Burkholderia cell surface structures involved in evading complement-mediated killing. C3 convertase-mediated cleavage of C3 into C3a and C3b reveals an unstable thioester bond on C3b (dark purple rectangle). If this protein is not generated close to the cell surface or other receptive structures, the thioester bond is quickly hydrolyzed, and the protein loses its enzymatic activity or its ability to attach as an opsonin to the surface (red “X”, C3b in left panel). Many pathogenic Burkholderia express capsular polysaccharide that extends quite distant to the cell membrane. This can provide protection from complement activation and opsonization because its structure is not conducive to C3b-binding and, if binding does occur, the bound C3b is relatively distant from the bacterial cell membrane to allow MAC formation. While the lipid A and core oligosaccharide structures of Burkholderia LPS are fairly conserved, there is considerable variation in the O-PS of these bacteria (multi-colored hexagons). Analysis of LPS structures of representative Burkholderia spp. have demonstrated that these organisms harbor 4-amino-4-deoxy-_L-arabinose (Ara4N) modifications on the phosphate groups (red circles) of the lipid A disaccharide backbone. The expression of elongated O-PS moieties stretching away from the cell surface can protect against complement-mediated killing by preventing C3 convertase formation close to the cell surface, and thus prevent insertion of a MAC complex in the cell membrane. If C3 convertase forms close to the cell membrane (e.g.

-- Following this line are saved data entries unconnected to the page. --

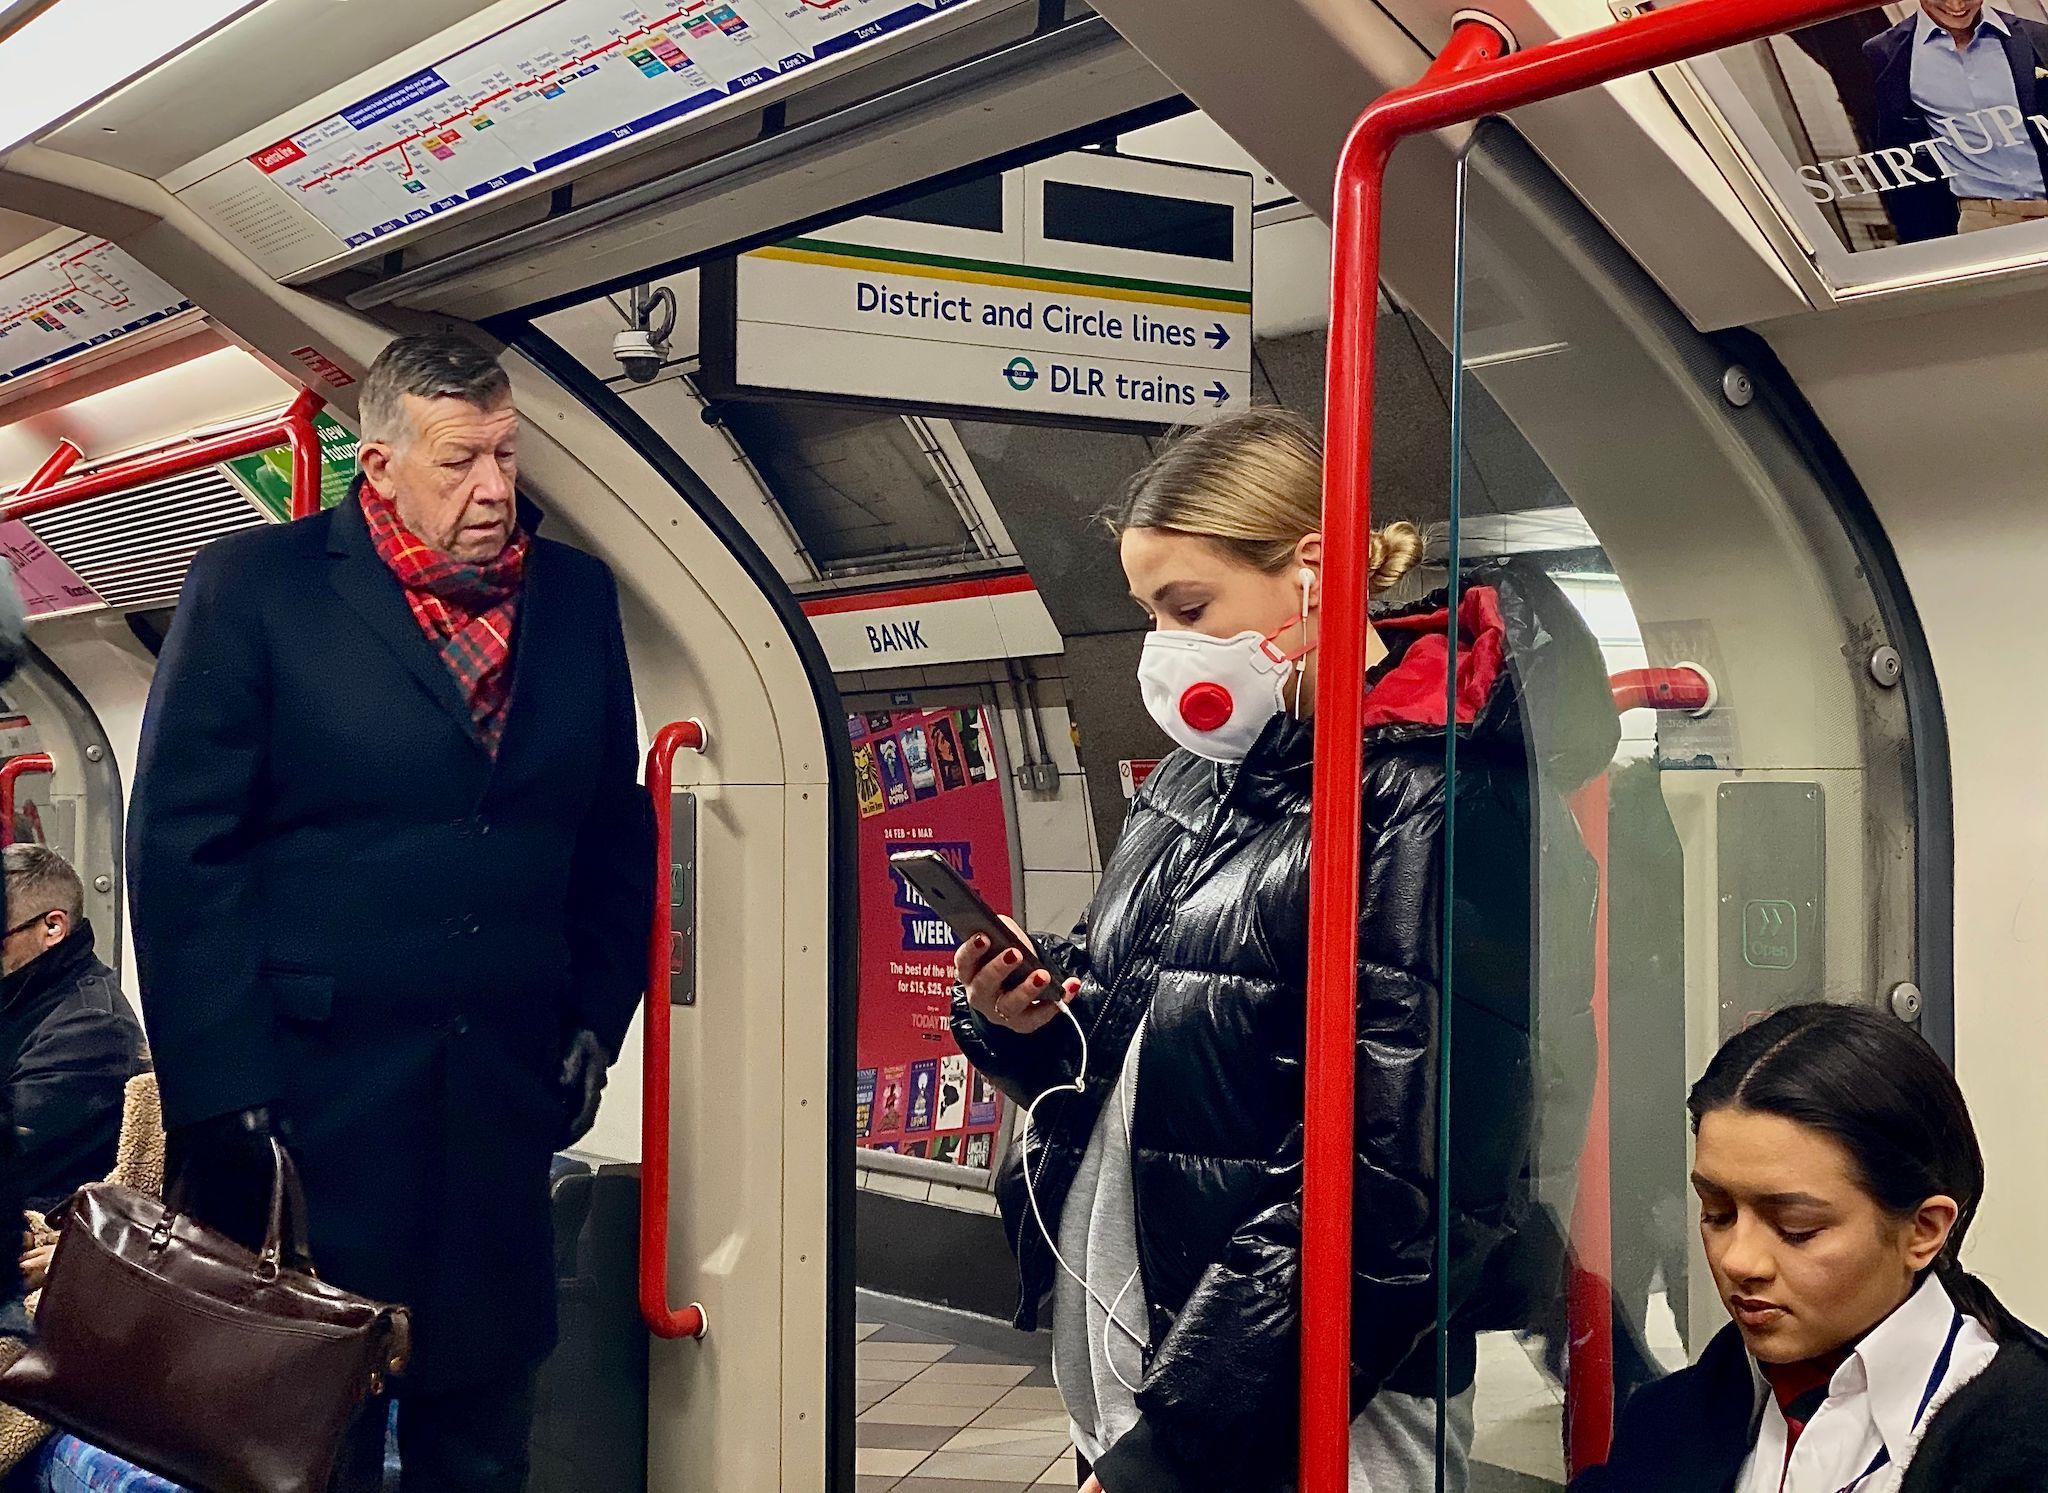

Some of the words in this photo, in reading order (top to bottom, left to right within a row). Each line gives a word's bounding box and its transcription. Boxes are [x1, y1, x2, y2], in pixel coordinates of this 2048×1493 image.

[854, 27, 877, 39] Zone
[780, 58, 802, 70] Zone
[737, 75, 758, 87] Zone
[611, 128, 631, 138] Zone
[257, 149, 286, 167] Central
[275, 146, 296, 158] line
[1796, 136, 1959, 205] SHIRT
[1936, 105, 2025, 155] UP
[857, 282, 972, 323] District
[982, 302, 1032, 329] and
[1042, 304, 1122, 339] Circle
[1133, 313, 1196, 347] lines
[1051, 364, 1106, 397] DLR
[1116, 374, 1195, 406] trains
[317, 424, 347, 443] view
[866, 620, 929, 654] BANK
[884, 828, 893, 839] 24
[893, 829, 905, 839] FEB
[918, 828, 933, 838] MAR
[912, 920, 955, 945] WEEK
[890, 962, 903, 974] The
[905, 962, 922, 976] best
[923, 964, 931, 976] of
[932, 964, 945, 978] the
[898, 980, 909, 992] for
[910, 981, 926, 997] £15,
[927, 981, 944, 998] £25,
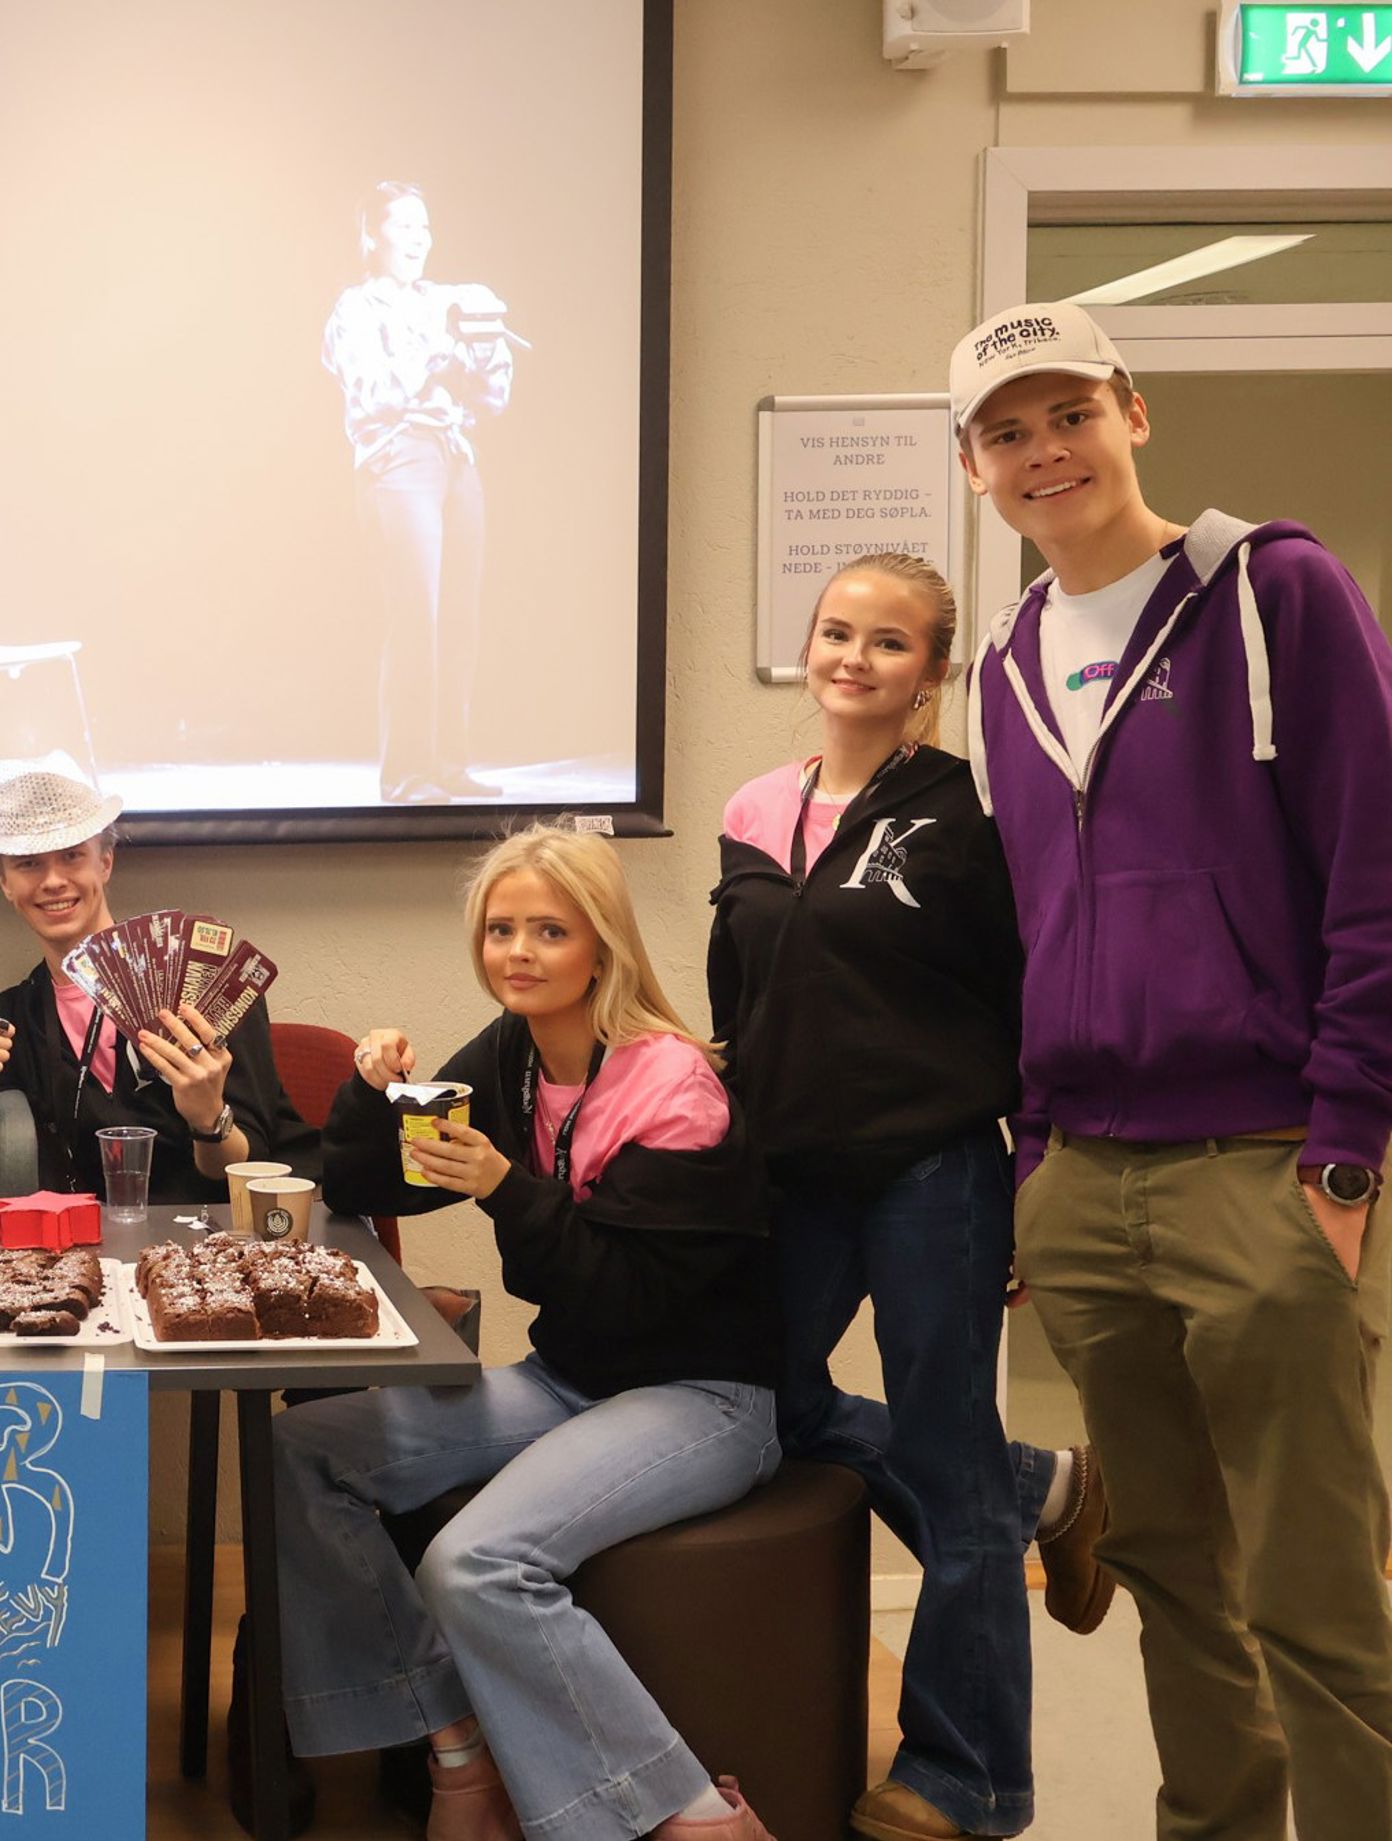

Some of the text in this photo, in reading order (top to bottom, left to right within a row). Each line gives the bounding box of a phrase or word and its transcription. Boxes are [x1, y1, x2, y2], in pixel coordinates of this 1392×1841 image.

LPS core moieties, etc.), the exposed thioester of C3b quickly binds nearby hydroxyl or amino groups (green check mark, C3b in right panel). Complement opsonins that bind distant from the cell surface can promote killing by opsonophagocytosis if they can be recognized by phagocytic cells, however activation/binding near the surface promotes direct killing via formation of MAC and bacterial lysis.